The News Askew Blog Image

Image from Creative Commons: Public Domain

The following is cross-posted from RELephantUA, the class blog for the REL Captsone Seminar. Be sure to check their blog for more great posts studying religion in culture.

By Chris Beacham

Yesterday afternoon, a swarm of protesters marched to the steps of the United States capitol to protest the undue influence of money in politics and corporate lobbying. The group peacefully approached the capitol building, and many were quickly arrested, including a journalist for the popular show “The Young Turks”. There were many reactions on social media, some considering that this could be the beginning of the next “Occupy Wall Street” movement. The revolution that Bernie Sanders has encouraged during his campaign seemed to be percolating. No matter what your politics are, in the United States, it was the most interesting story of the day.

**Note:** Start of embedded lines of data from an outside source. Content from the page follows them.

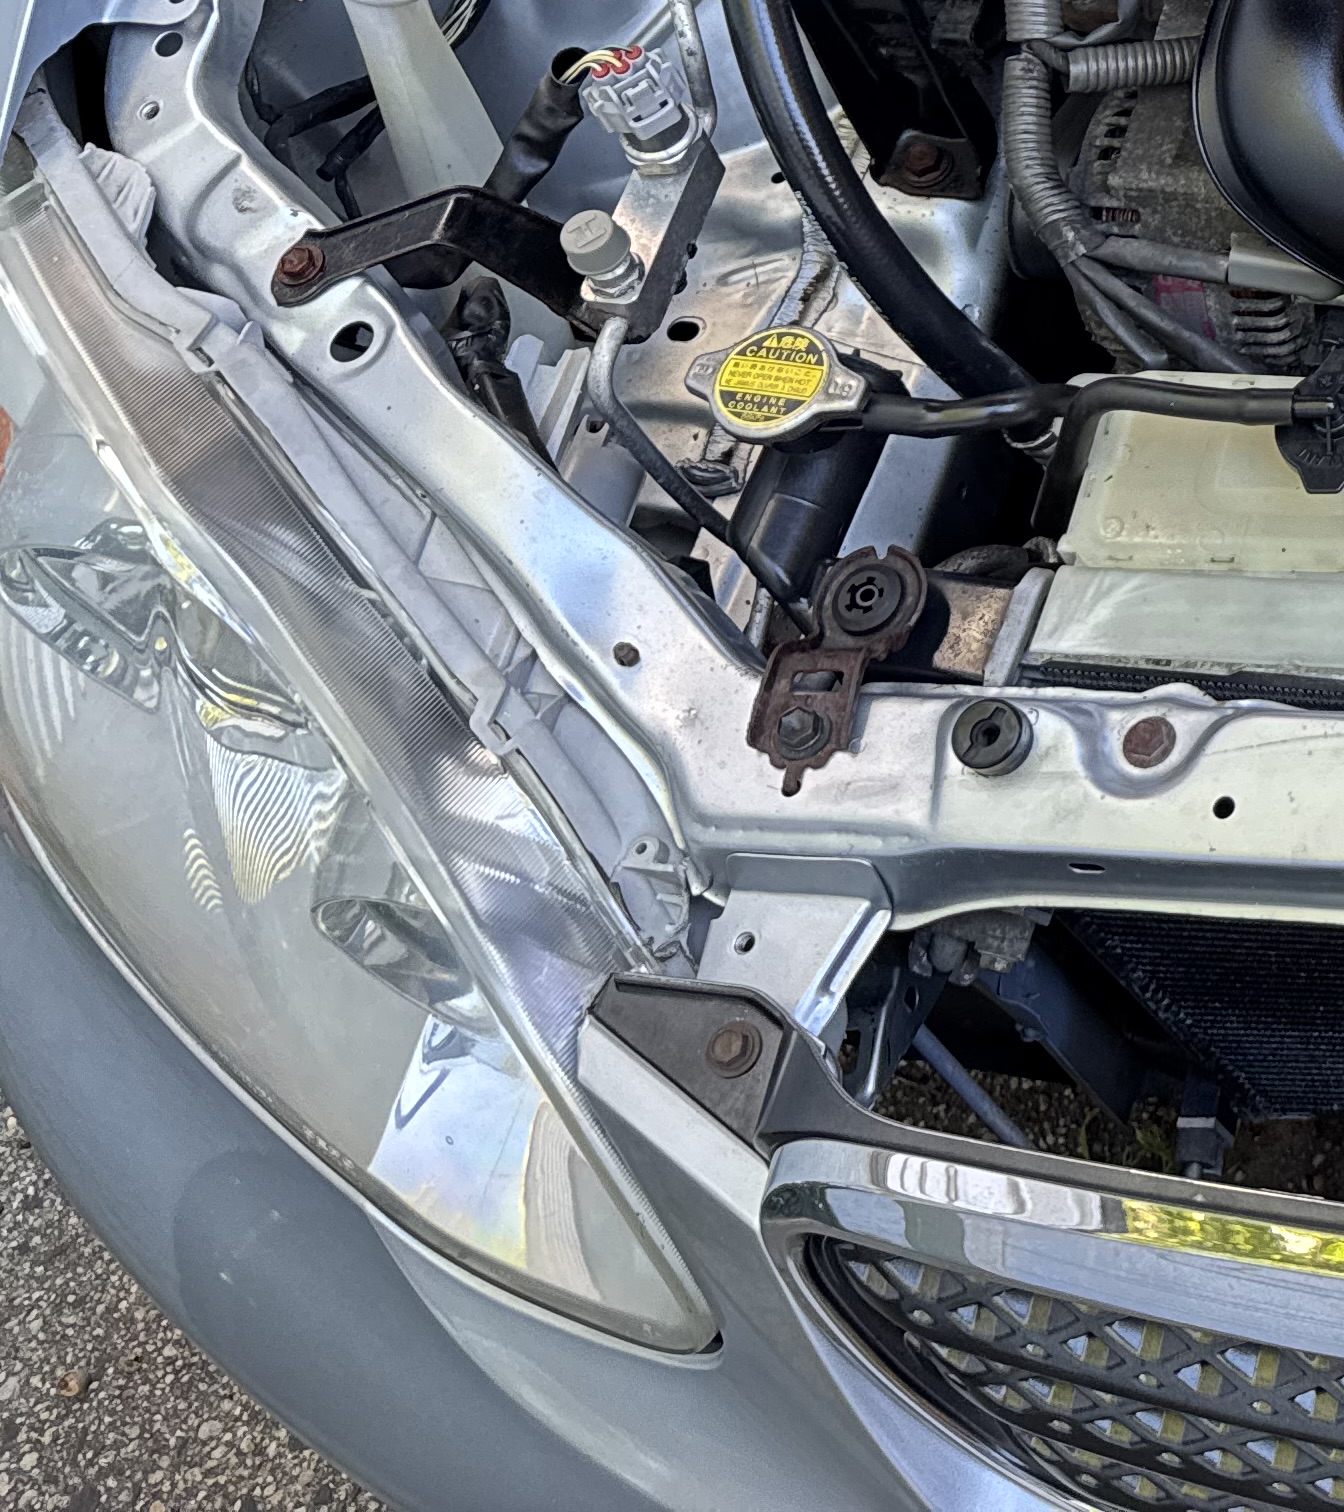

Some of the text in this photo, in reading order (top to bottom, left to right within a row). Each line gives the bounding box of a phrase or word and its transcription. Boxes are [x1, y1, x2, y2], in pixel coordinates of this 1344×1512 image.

[745, 346, 819, 365] CAUTION
[728, 369, 812, 386] NEVER OPEN WHEN HOT
[735, 392, 787, 406] ENGINE
[728, 400, 787, 415] COOLANT
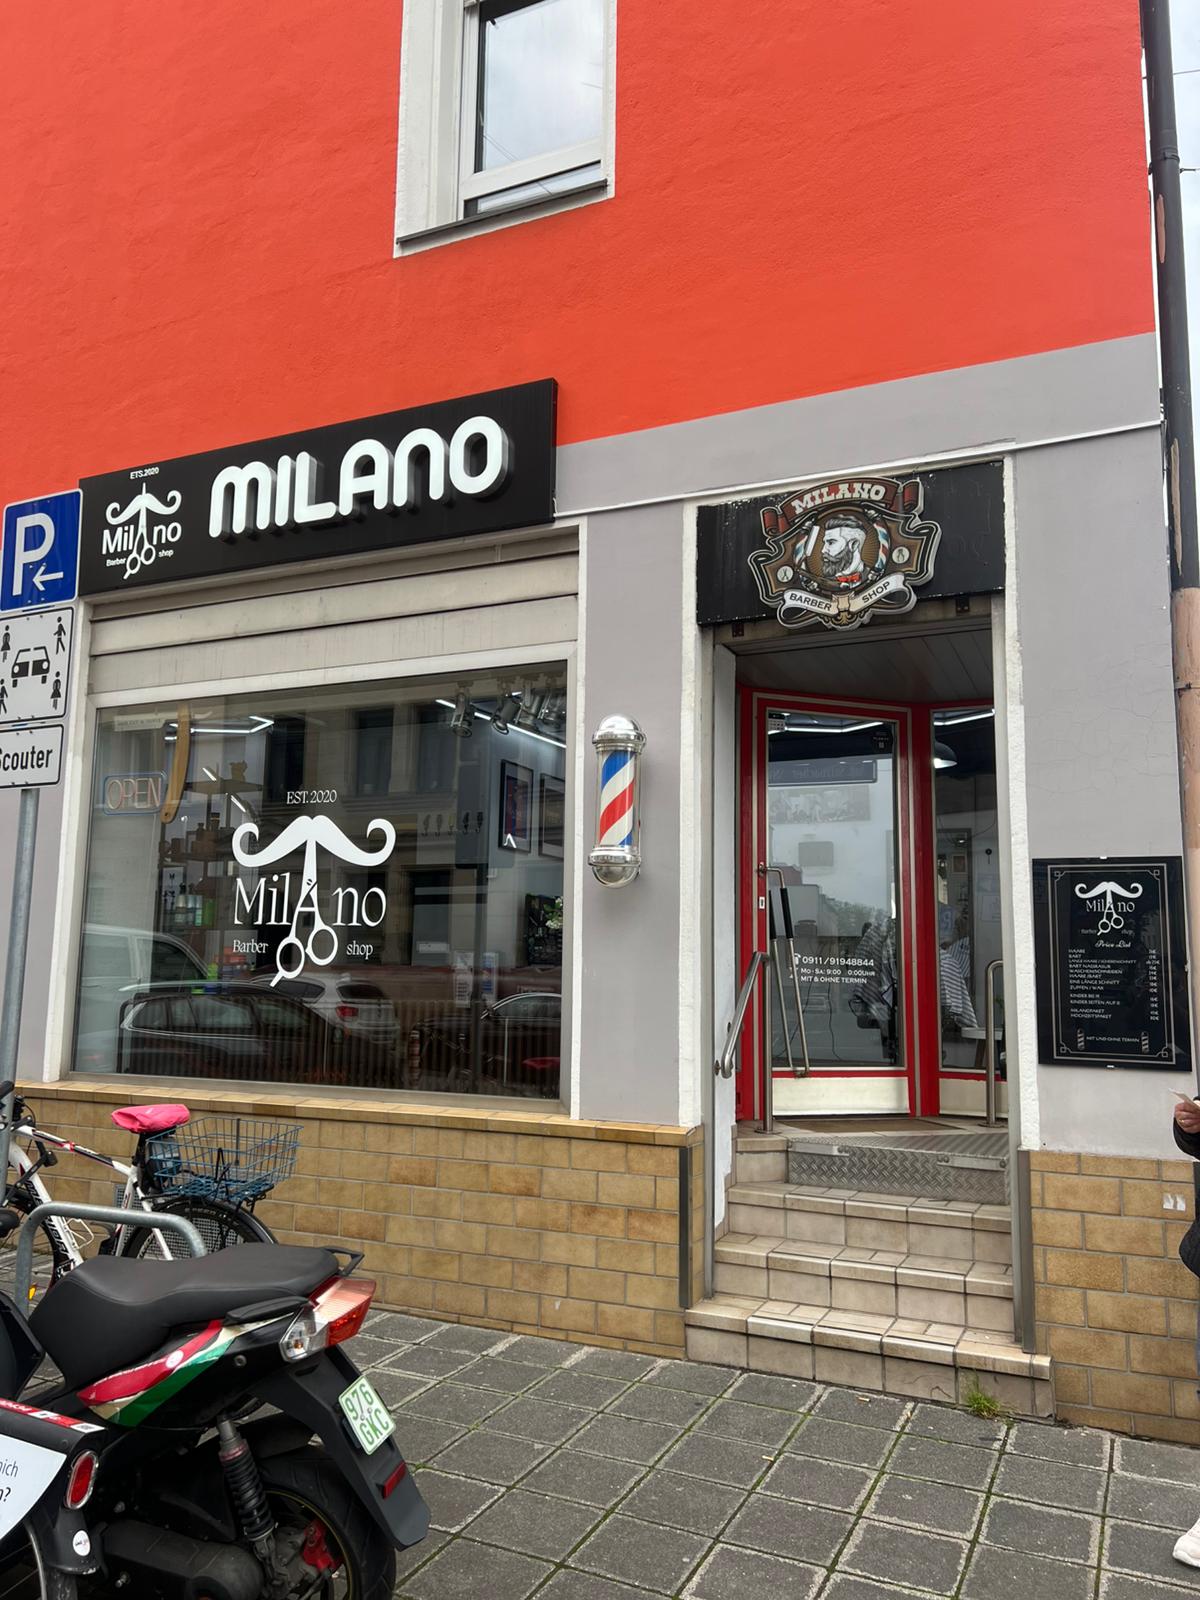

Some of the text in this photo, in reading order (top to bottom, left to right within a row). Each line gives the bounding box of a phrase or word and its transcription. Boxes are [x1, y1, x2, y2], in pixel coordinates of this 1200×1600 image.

[129, 466, 160, 480] ETS.2020
[209, 415, 506, 538] MILANO
[791, 482, 886, 515] MILANO
[12, 512, 56, 597] P
[158, 549, 174, 558] shop
[789, 581, 890, 612] BARBER SHOP
[107, 777, 161, 810] OPEN
[232, 939, 374, 960] Barber shop
[802, 956, 874, 967] 0911/91948844
[344, 1383, 374, 1421] 976
[360, 1408, 389, 1446] GKC

The media did not cover it. Not even a little. I was checking the major news stations as it was happening, and there was no coverage or mention of what was happening. It reaffirmed something to me that has unfortunately been on display throughout the 2016 election: the media is selecting and neglecting, and thus, creating its own narrative. The narratives delivered by each news outlet are constructed for ideological or entertainment purposes. There is a strong argument to be made that unbiased, information-driven news no longer exists.

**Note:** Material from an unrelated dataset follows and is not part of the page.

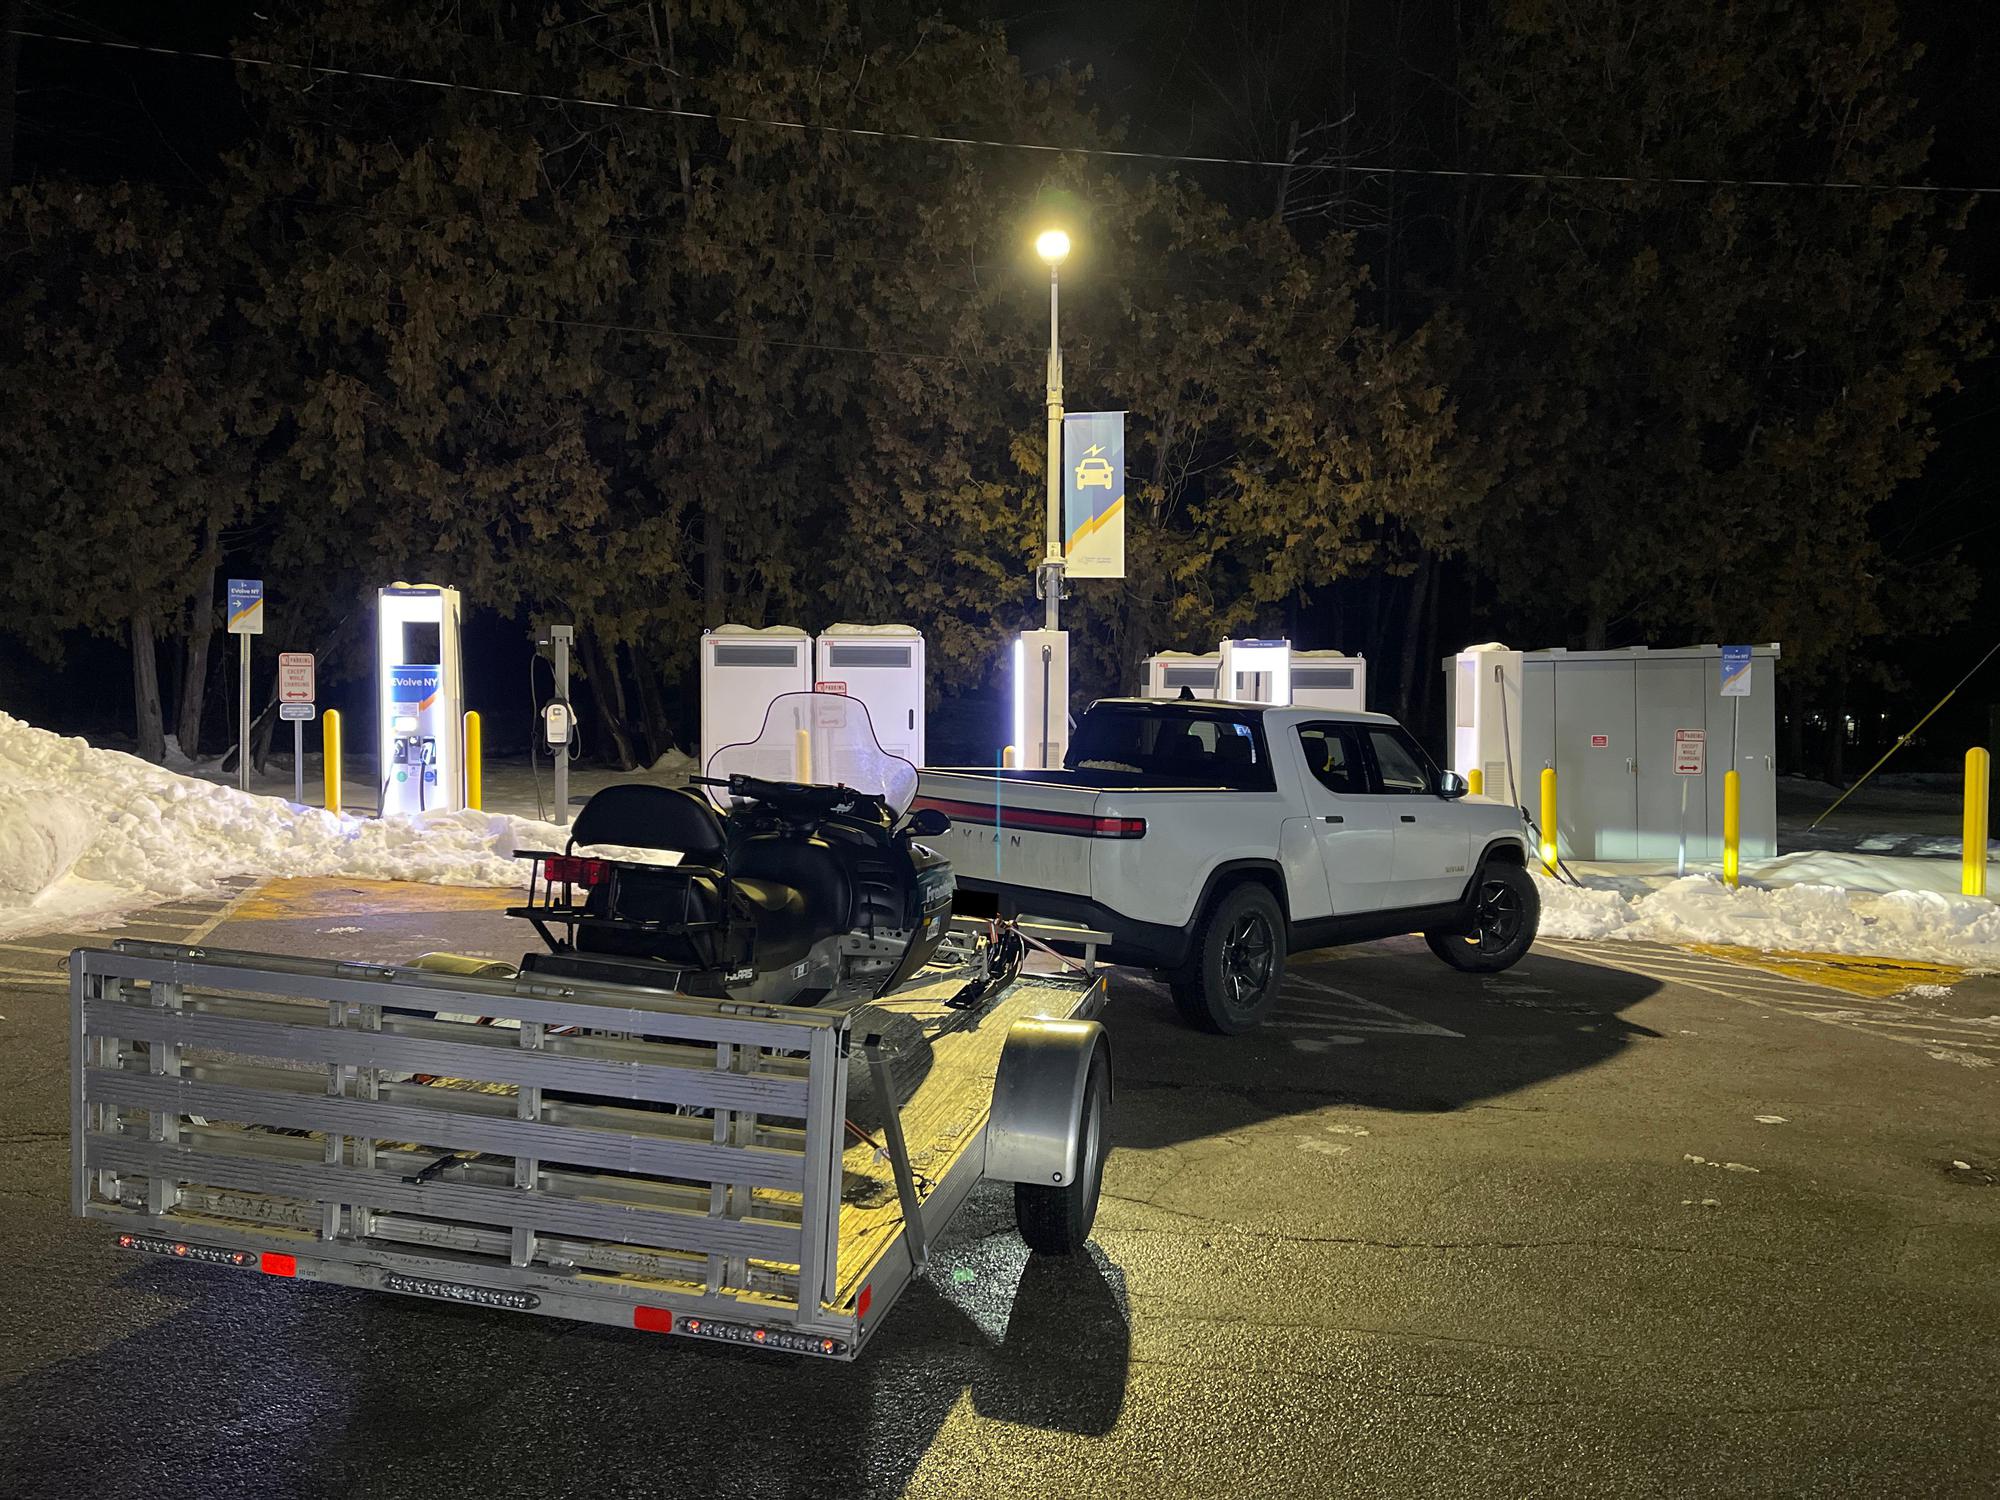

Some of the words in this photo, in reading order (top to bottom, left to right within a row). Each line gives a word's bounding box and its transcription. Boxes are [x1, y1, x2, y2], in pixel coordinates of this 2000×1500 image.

[392, 677, 423, 687] EVolve
[424, 678, 439, 688] NY
[951, 827, 1021, 847] IVIAN

MSNBC and Fox News are both partisan, and on opposite sides of the political spectrum. This is common knowledge. If my politics are more liberal, there is a good chance I will seek out MSNBC to reaffirm my positions and have my “information” filtered through that ideological perspective. The same goes for Fox News if I am more conservative. For both of those situations, you are selecting a narrative more than selecting an outlet for information.

The irony is that, CNN, the major 24/7 news network that I believe attempts to be politically neutral, is the most problematic. For the past year, CNN has neglected nearly everything else happening in the world and in this country to mostly alternate coverage between Trump, the election, and ISIS. In other words, fear, drama, and more fear. There are few exceptions to this pattern.

Obama gave an interview in Chicago this past week on his Supreme Court nominee Merrick Garland, and the conflict on constitutionality between him and the Republican congress.  It was an important interview being held at the university where the President previously taught constitutional law. CNN showed the President walking onto the stage, acknowledged this was taking place, and then cut back to talking heads arguing about Trump.

Other news media outlets have excessively covered the election and Trump as well, but they still seem to have retained a balance between election coverage and other significant news that happens every day. However, CNN’s narrative is that the 2016 election is the most important thing taking place in the world right now, and that the center of international concern is a twitter argument between Donald Trump and Ted Cruz. CNN is also selecting the most dramatic stories (sometimes repeatedly for weeks), sensationalizing them, and then bringing people on the program to argue with each other for our entertainment. It is not educating, enlightening, or even communicating important information, more than it is creating a worldview and perpetuating it throughout the day.

Recognizing how a narrative is being built is an important facet of learning to deconstruct. Through deconstruction, we take nothing on face value, and contemplate why and how things are being represented. If I were to listen to CNN, I could assume ISIS is close to world domination, the global concern is over what Donald Trump said this week, and Bernie Sanders is too on the fringe to get the democratic nomination. The “news” is not not information, but narratives, and these narratives need to be constantly challenged.